Affinity maturation of phage display antibody populations using ribosome display.

作者信息

Groves Maria, Lane Steven, Douthwaite Julie, Lowne David, Rees D Gareth, Edwards Bryan, Jackson Ronald H

机构信息

Cambridge Antibody Technology, Milstein Building, Granta Park, Cambridge CB1 6GH, UK.

出版信息

J Immunol Methods. 2006 Jun 30;313(1-2):129-39. doi: 10.1016/j.jim.2006.04.002. Epub 2006 May 11.

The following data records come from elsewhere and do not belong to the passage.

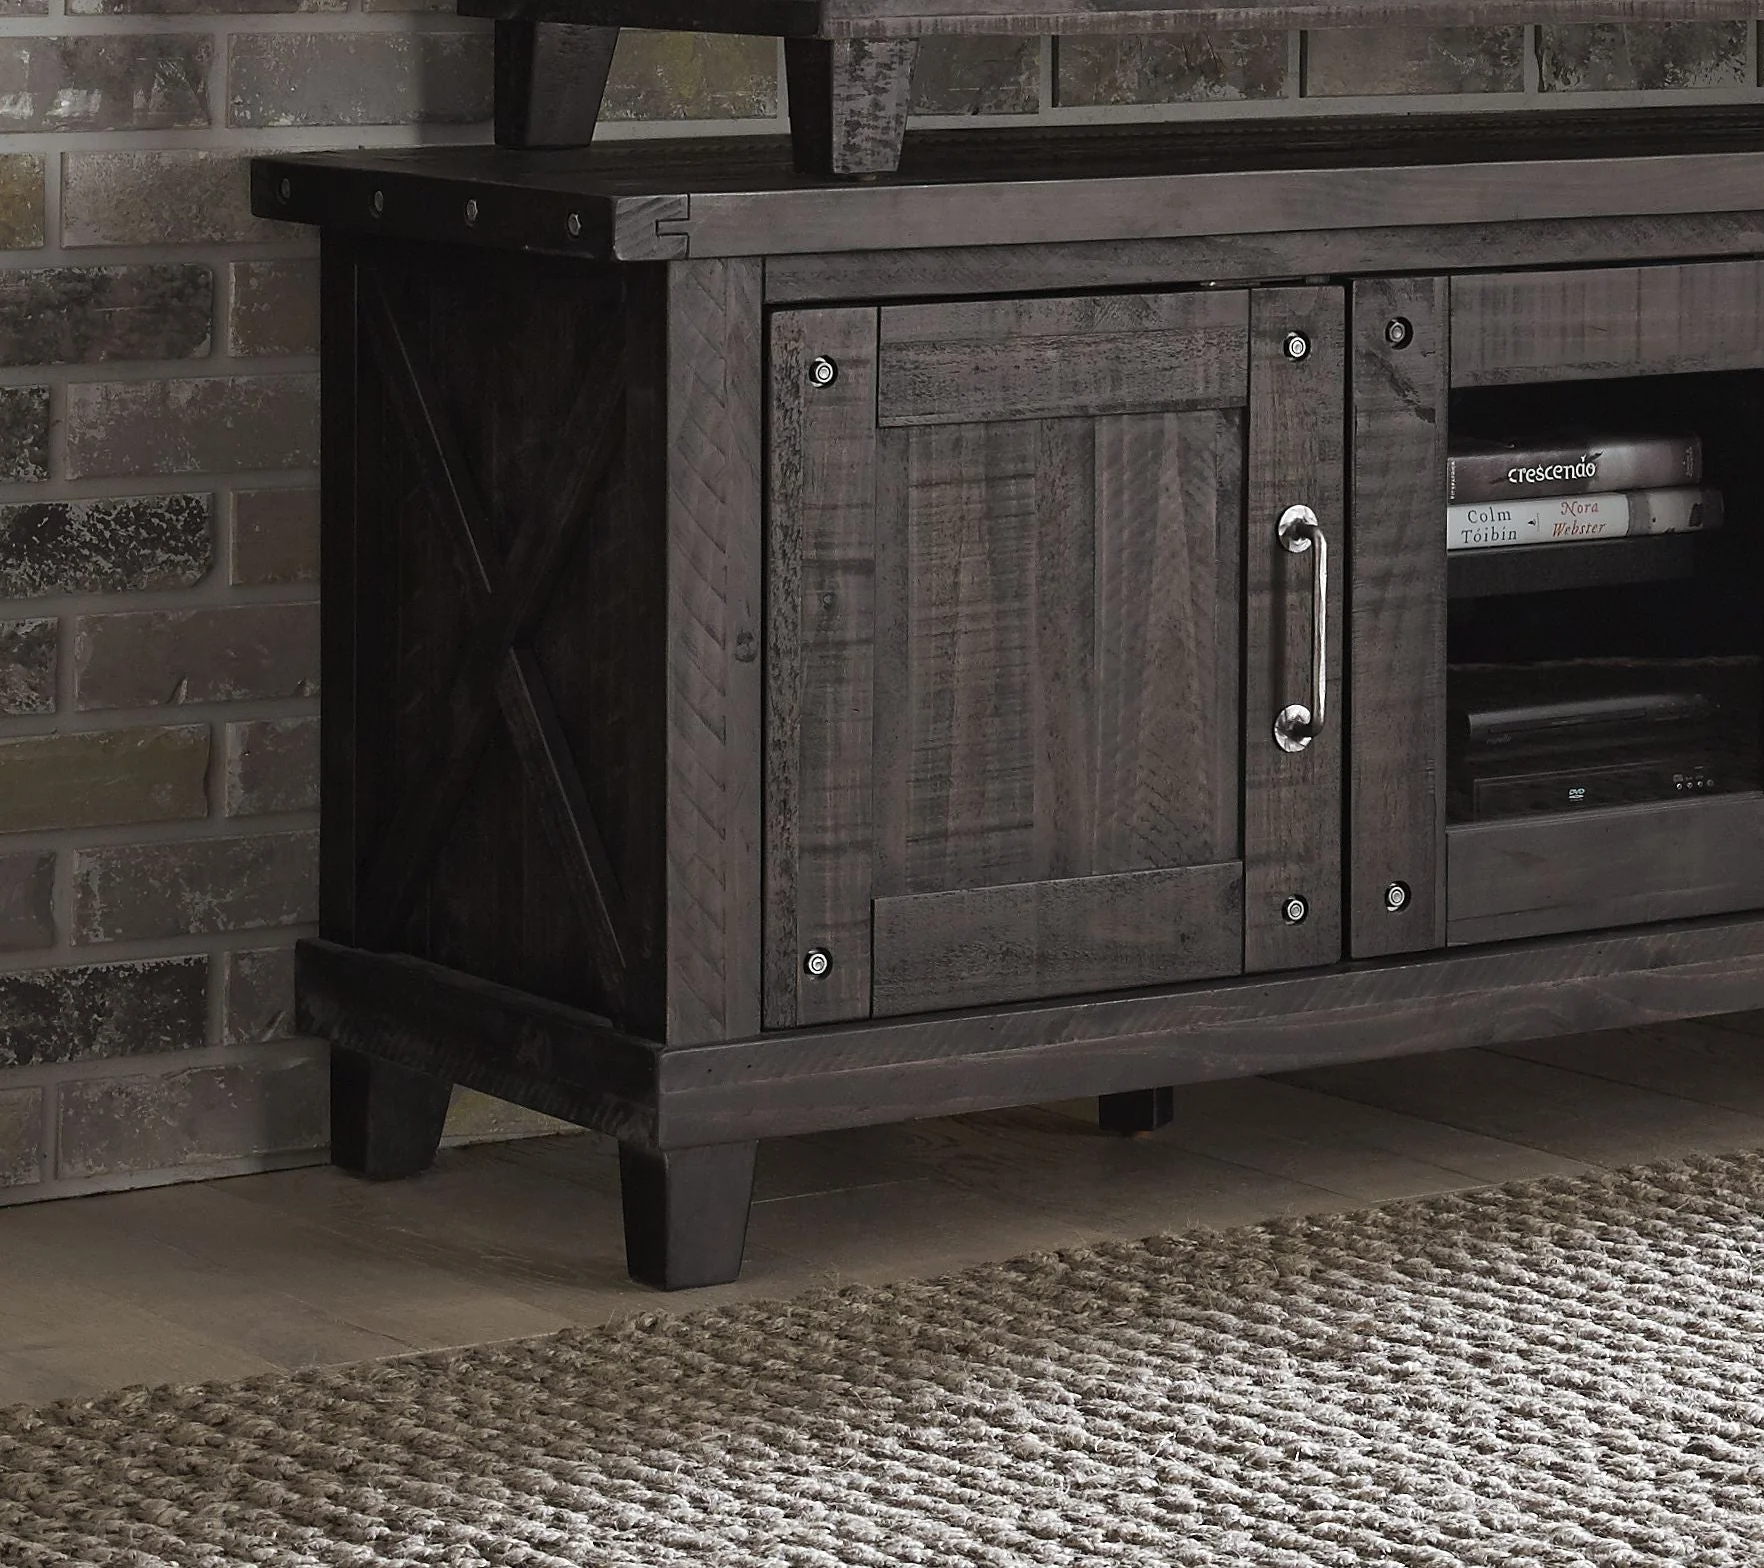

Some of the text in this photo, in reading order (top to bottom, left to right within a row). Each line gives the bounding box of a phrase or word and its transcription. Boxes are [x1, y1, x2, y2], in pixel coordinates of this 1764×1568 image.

[1508, 454, 1596, 484] crescendo
[1467, 507, 1512, 524] Colm
[1561, 501, 1600, 518] Nora
[1461, 526, 1517, 544] Tóibín
[1552, 520, 1607, 538] Webster
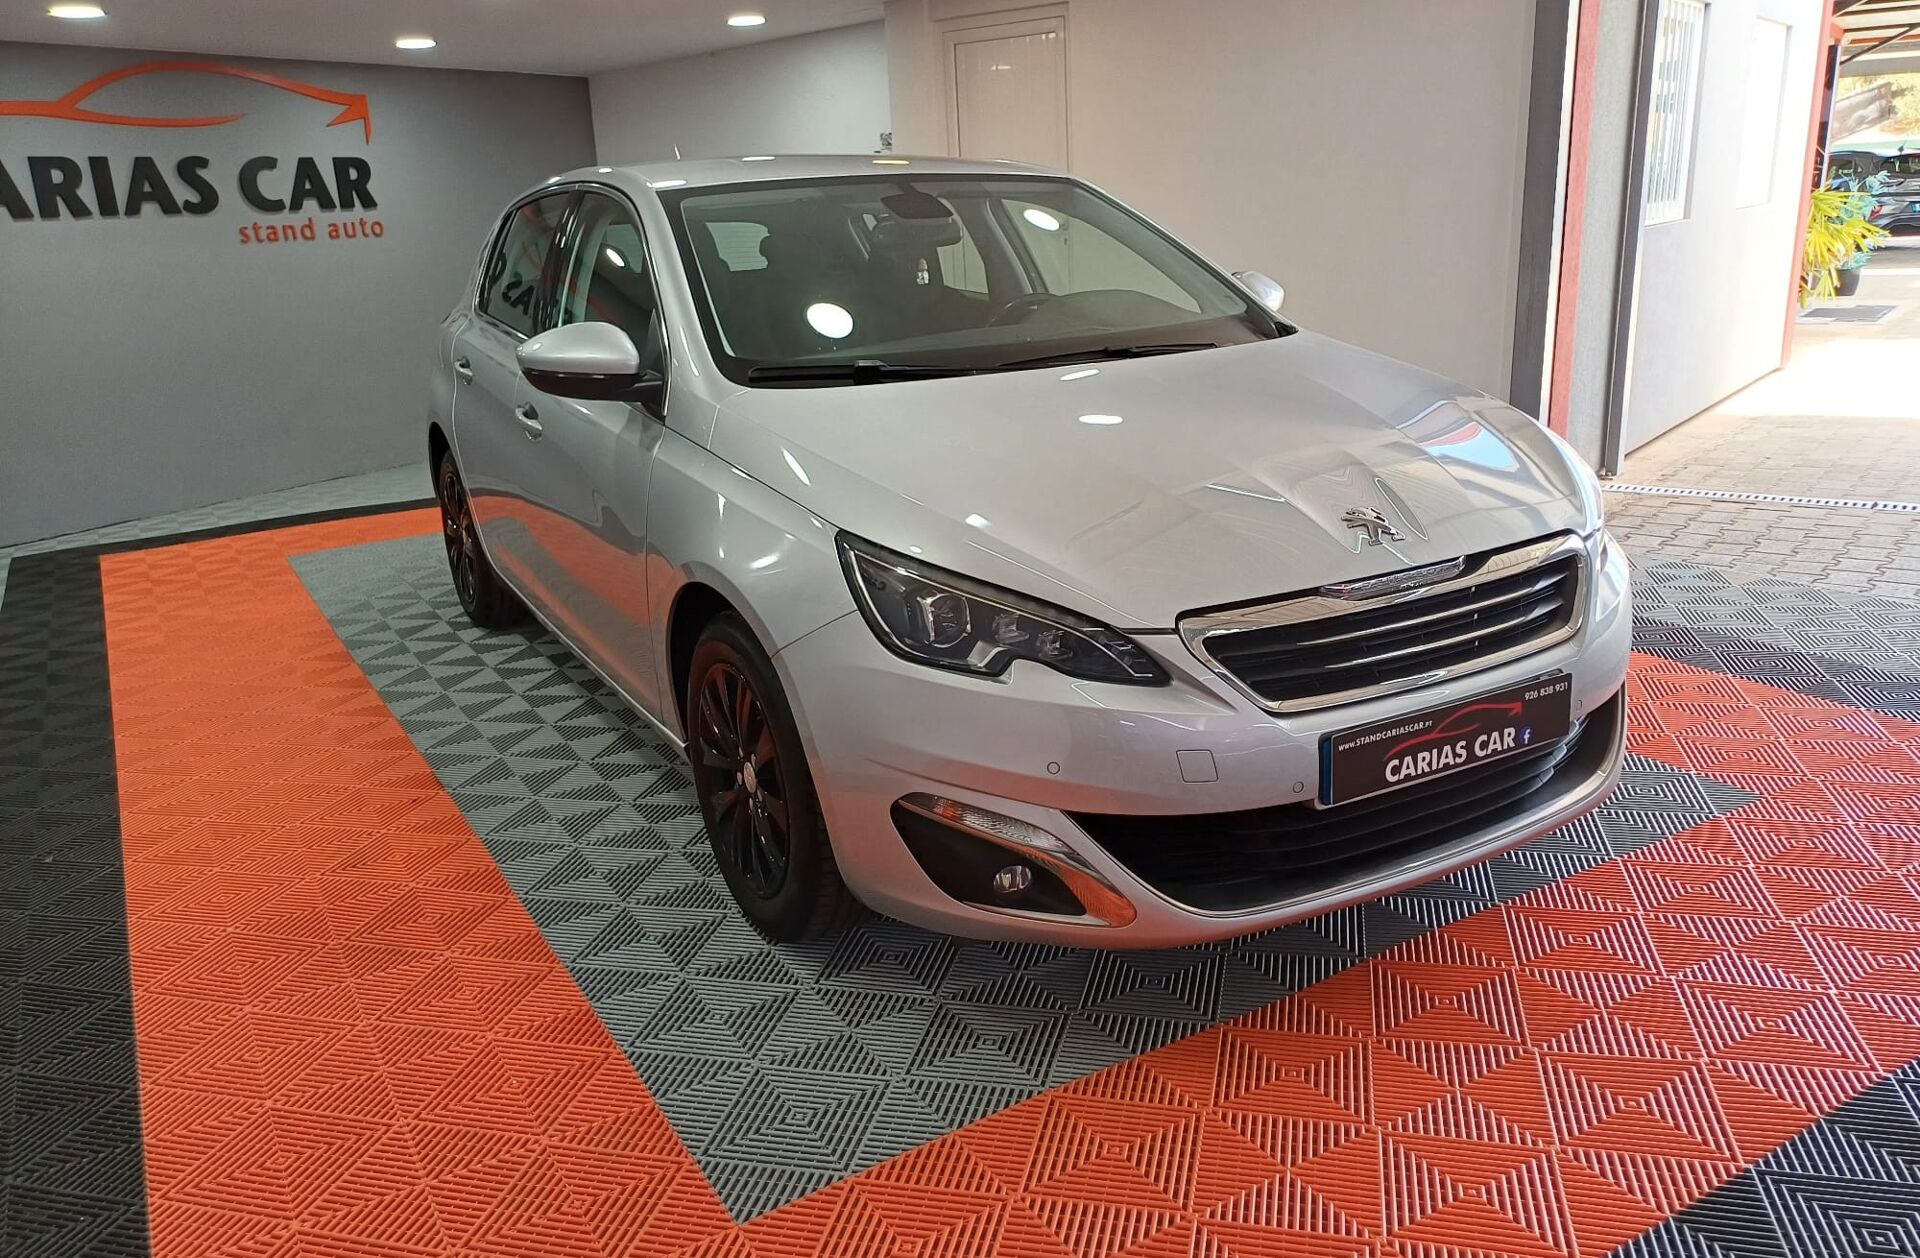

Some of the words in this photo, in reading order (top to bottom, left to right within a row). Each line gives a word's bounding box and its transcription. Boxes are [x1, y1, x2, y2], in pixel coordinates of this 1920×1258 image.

[239, 156, 378, 212] CAR
[238, 217, 316, 243] stand
[328, 217, 384, 240] auto
[1525, 689, 1539, 701] 926
[1555, 681, 1568, 693] 931
[1385, 741, 1467, 783] CARIAS
[1474, 727, 1516, 758] CAR

DOI:10.1016/j.jim.2006.04.002
PMID:16730741
Abstract

A comparison has been performed, using phage display or ribosome display, of stringent selections on antibody populations derived from three rounds of phage display selection. Stringent selections were performed by reducing concentrations of the antigen, bovine insulin, down to 1 nM. Higher affinity antibodies were isolated using ribosome display in a process that introduces random mutations across the clone population. Whereas the highest affinity antibody produced by phage display, D3, has a K(d) of 5.8 nM as a scFv fragment, ribosome display generated higher affinity variants of this antibody with K(d) values of 189 pM and 152 pM, without or with the use of error prone mutagenesis, respectively. The affinities were further increased for each antibody on conversion of the scFv fragments to whole IgG format, to a K(d) of less than 21 pM for the highest affinity variant of D3. Mutation of VH D101 of antibody D3 to glycine or valine, removing the salt bridge between K94 and D101 at the base of VHCDR3, was responsible for the enhanced affinity observed. In addition to the variants of D3, other unrelated antibodies of comparable or higher affinity for insulin, were isolated by ribosome display, but not phage display, indicating that ribosome display can enrich for different populations of antibodies. Affinity maturation of phage antibody populations using ribosome display is a valuable method of rapidly generating diverse, high affinity antibodies to antigen and should be readily applicable to the isolation of antibodies for the detection and assay of biomarkers.

摘要

利用噬菌体展示或核糖体展示,对三轮噬菌体展示筛选所得抗体群体进行了严格筛选的比较。严格筛选是通过将抗原牛胰岛素的浓度降至1 nM来进行的。在一个对整个克隆群体引入随机突变的过程中,利用核糖体展示分离出了亲和力更高的抗体。噬菌体展示产生的亲和力最高的抗体D3,其单链抗体片段(scFv)的解离常数(K(d))为5.8 nM,而核糖体展示分别在不使用或使用易错诱变的情况下,产生了该抗体的更高亲和力变体,其K(d)值分别为189 pM和152 pM。将scFv片段转化为完整IgG形式后,每种抗体的亲和力进一步提高,D3的最高亲和力变体的K(d)小于21 pM。抗体D3的重链可变区(VH)D101突变为甘氨酸或缬氨酸,消除了VH互补决定区3(VHCDR3)底部K94和D101之间的盐桥,这是观察到亲和力增强的原因所在。除了D3的变体之外, 通过核糖体展示还分离出了其他对胰岛素具有相当或更高亲和力的不相关抗体,但噬菌体展示未分离出这些抗体,这表明核糖体展示可以富集不同群体的抗体。利用核糖体展示对噬菌体抗体群体进行亲和力成熟是一种快速产生针对抗原的多种高亲和力抗体的有价值方法, 并且应该很容易应用于生物标志物检测和分析抗体的分离。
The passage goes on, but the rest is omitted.